Hi all,

I have a class with a variety of methods, for example:

class Foo(obj):
    def meth_a:
      ...

    def meth_b:
      ...

In reality, Foo may have 50 or more methods. And for various reasons, I cannot subclass Foo. I'm using Foo in a composition class with some added functionality. Let's call this class Bar. I want Bar to have a few new methods and attributes, but quack like it was Foo. For example, when the user calls:

Bar.meth_a()

My program returns Foo.meth_a().

class Bar(obj):
   foo=Foo()
   def meth_a:
      return self.foo.meth_a()

As such, Bar seems to have all of Foo's methods. Without being able to subclass, is it possible to promote all of these methods without doing it manually? Foo() is extremely complicated and it would be quite laborious to port everything. Can anyone think of a way to do this?

Thanks

Recommended Answers

All 4 Replies

The first way is to define __getattr__()

class Bar(object):
    def __getattr__(self, attr):
        return getattr(self.foo, attr)

You can add some conditions on attr to avoid unexpected calls

class Bar(object):
    def __getattr__(self, attr):
        if some_condition(attr):
            return getattr(self.foo, attr)
        else:
            raise AttributeError(attr)

Another way is to define methods by a loop, eg

class Bar(object):
    for name in "meth_a meth_b meth_c".split():
        exec "def {name}(self, *args, **kwd): return self.foo.{name}(*args, **kwd)".format(name=name)
    del name

There are other ways, you could write a function which inserts methods in class Bar, etc

Hi.
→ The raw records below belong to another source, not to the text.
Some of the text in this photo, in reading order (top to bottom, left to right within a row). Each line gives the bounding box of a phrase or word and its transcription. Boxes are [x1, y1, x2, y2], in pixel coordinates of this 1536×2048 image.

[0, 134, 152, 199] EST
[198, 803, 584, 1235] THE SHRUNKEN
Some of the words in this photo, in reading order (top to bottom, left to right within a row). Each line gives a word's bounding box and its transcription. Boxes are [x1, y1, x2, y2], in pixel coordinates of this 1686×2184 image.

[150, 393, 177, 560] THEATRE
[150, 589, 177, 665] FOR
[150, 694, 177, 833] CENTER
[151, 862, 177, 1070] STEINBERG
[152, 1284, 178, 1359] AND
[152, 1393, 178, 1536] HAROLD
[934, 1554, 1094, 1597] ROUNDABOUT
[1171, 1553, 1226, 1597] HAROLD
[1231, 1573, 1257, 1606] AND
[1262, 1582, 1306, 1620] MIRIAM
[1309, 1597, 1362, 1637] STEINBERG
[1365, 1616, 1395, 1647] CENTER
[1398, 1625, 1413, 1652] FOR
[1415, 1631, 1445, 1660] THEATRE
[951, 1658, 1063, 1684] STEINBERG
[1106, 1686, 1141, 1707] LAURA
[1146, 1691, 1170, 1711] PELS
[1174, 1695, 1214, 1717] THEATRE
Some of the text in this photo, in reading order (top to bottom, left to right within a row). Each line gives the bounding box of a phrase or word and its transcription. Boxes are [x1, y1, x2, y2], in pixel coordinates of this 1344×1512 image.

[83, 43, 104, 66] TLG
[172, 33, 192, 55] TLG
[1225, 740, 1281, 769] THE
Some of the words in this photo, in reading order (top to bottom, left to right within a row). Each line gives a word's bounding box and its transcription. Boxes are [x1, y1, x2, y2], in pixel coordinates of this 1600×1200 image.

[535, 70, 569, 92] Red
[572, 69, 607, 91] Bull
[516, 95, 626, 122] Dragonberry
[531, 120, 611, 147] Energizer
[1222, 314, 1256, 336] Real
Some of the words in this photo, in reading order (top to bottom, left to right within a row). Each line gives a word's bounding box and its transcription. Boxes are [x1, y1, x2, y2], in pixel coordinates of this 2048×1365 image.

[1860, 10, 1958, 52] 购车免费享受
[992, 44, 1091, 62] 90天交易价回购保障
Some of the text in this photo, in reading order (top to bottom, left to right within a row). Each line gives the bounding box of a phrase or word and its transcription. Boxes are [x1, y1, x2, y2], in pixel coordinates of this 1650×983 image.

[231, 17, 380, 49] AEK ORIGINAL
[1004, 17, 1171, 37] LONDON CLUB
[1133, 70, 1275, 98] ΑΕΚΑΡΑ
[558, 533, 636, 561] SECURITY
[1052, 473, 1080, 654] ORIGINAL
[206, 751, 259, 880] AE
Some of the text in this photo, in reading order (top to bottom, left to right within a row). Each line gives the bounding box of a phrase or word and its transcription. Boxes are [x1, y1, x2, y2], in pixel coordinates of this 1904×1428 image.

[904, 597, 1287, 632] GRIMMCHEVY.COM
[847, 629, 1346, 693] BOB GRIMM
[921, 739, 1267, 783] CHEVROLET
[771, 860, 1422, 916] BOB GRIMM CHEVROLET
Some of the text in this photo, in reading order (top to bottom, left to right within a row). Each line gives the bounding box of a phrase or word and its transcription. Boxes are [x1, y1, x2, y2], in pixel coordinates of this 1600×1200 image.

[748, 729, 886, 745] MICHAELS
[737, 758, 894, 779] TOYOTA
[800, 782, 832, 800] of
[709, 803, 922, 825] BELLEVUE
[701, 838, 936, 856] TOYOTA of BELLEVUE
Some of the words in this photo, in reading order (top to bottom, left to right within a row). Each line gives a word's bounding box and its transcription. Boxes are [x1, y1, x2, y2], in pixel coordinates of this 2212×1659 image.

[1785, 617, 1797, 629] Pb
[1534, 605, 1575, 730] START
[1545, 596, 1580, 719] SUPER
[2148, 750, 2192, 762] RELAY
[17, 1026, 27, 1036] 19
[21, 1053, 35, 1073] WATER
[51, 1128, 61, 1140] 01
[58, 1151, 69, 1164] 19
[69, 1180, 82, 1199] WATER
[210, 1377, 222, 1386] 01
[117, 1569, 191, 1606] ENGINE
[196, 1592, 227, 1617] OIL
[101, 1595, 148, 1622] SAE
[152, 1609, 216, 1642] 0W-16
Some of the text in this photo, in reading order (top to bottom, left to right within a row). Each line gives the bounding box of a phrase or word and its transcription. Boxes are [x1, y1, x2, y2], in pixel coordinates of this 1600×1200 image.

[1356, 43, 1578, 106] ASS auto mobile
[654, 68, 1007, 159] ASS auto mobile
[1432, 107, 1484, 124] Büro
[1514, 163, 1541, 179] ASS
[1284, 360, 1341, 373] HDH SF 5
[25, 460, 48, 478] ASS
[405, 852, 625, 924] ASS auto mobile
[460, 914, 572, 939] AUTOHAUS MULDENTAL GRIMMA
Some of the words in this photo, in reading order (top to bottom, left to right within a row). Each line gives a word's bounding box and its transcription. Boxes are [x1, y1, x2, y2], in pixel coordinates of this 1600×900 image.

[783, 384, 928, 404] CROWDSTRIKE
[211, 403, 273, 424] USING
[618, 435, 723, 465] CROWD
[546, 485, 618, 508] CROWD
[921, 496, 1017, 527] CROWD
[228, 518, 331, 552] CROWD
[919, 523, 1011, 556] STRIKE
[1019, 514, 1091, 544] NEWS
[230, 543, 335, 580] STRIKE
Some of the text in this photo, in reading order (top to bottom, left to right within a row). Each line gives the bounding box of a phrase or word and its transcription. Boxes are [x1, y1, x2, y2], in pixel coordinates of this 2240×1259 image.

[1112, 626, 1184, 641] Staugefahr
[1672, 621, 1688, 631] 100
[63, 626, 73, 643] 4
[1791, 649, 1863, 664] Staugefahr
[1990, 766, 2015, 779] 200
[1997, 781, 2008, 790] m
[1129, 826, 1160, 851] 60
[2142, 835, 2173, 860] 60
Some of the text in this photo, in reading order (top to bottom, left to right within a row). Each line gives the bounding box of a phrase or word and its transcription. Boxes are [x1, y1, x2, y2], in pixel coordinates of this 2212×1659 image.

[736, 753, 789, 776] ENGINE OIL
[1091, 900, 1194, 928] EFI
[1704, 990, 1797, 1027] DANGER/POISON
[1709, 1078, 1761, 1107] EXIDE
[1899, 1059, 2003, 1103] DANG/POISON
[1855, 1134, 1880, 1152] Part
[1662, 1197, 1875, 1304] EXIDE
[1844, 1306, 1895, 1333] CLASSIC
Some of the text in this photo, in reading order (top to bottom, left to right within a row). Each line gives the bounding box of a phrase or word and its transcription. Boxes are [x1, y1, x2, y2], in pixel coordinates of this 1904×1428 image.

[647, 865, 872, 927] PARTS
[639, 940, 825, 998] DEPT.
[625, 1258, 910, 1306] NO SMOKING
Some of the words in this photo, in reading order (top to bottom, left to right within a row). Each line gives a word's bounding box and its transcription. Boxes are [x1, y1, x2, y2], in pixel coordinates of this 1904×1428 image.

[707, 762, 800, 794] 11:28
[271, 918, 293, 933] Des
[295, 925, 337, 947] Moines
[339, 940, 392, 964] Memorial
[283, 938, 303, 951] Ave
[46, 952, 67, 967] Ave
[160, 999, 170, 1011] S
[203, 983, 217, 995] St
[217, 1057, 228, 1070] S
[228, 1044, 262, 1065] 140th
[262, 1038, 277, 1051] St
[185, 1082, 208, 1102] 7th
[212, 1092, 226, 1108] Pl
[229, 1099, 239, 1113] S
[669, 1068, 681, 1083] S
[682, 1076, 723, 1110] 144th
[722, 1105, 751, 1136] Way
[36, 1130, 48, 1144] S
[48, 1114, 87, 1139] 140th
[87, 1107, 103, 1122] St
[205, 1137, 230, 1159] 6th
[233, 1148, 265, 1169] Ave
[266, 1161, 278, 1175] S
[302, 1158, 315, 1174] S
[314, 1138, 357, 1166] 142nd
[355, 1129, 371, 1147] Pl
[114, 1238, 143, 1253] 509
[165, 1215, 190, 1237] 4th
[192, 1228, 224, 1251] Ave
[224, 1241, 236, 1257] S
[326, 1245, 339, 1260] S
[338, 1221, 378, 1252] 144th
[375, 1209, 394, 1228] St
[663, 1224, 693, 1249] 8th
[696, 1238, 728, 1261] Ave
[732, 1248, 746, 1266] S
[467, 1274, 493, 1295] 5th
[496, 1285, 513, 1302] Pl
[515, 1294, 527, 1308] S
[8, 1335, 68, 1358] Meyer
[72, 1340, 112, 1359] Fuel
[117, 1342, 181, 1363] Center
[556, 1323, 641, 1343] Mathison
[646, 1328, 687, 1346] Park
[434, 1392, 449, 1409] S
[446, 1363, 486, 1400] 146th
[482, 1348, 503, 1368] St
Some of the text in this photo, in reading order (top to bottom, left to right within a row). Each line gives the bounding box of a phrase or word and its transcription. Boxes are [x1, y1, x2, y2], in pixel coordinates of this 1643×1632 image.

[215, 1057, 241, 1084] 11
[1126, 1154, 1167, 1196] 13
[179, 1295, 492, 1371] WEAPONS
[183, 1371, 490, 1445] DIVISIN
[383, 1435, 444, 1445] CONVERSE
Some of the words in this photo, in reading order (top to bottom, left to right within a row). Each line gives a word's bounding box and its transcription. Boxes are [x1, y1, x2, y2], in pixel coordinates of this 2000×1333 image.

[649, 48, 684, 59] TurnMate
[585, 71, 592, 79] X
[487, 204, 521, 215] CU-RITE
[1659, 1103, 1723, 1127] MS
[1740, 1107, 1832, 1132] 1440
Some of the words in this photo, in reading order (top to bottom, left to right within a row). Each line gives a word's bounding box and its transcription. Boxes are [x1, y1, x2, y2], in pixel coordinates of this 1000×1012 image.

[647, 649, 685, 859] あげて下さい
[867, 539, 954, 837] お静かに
I had to reopen this because of some unforseen issues with this implementation.

I am using getattr(); however, I need to be able to customize behavior upon the return. For example, if a method of self.foo.meth_a() returns an integer, I'd like to do one thing, but if it returns a string I'd like to do another.

I'm having trouble actually being able to intercept the return of the method that is eventually called by getattr(). I tried this:

class Bar(object):
    def __getattr__(self, attr):
        if type(getattr(self.foo, attr)) == int:
            etc...

Unfortunately, getattr makes a reference to an instance method, it does not actually call the method. In other words, type(getattr(self.foo, attr)) is an InstanceMethod not an intor string. I don't know where in my class the foo method is actually callled so I can't intercept the return.

Sorry that question was unclear but I figured it out.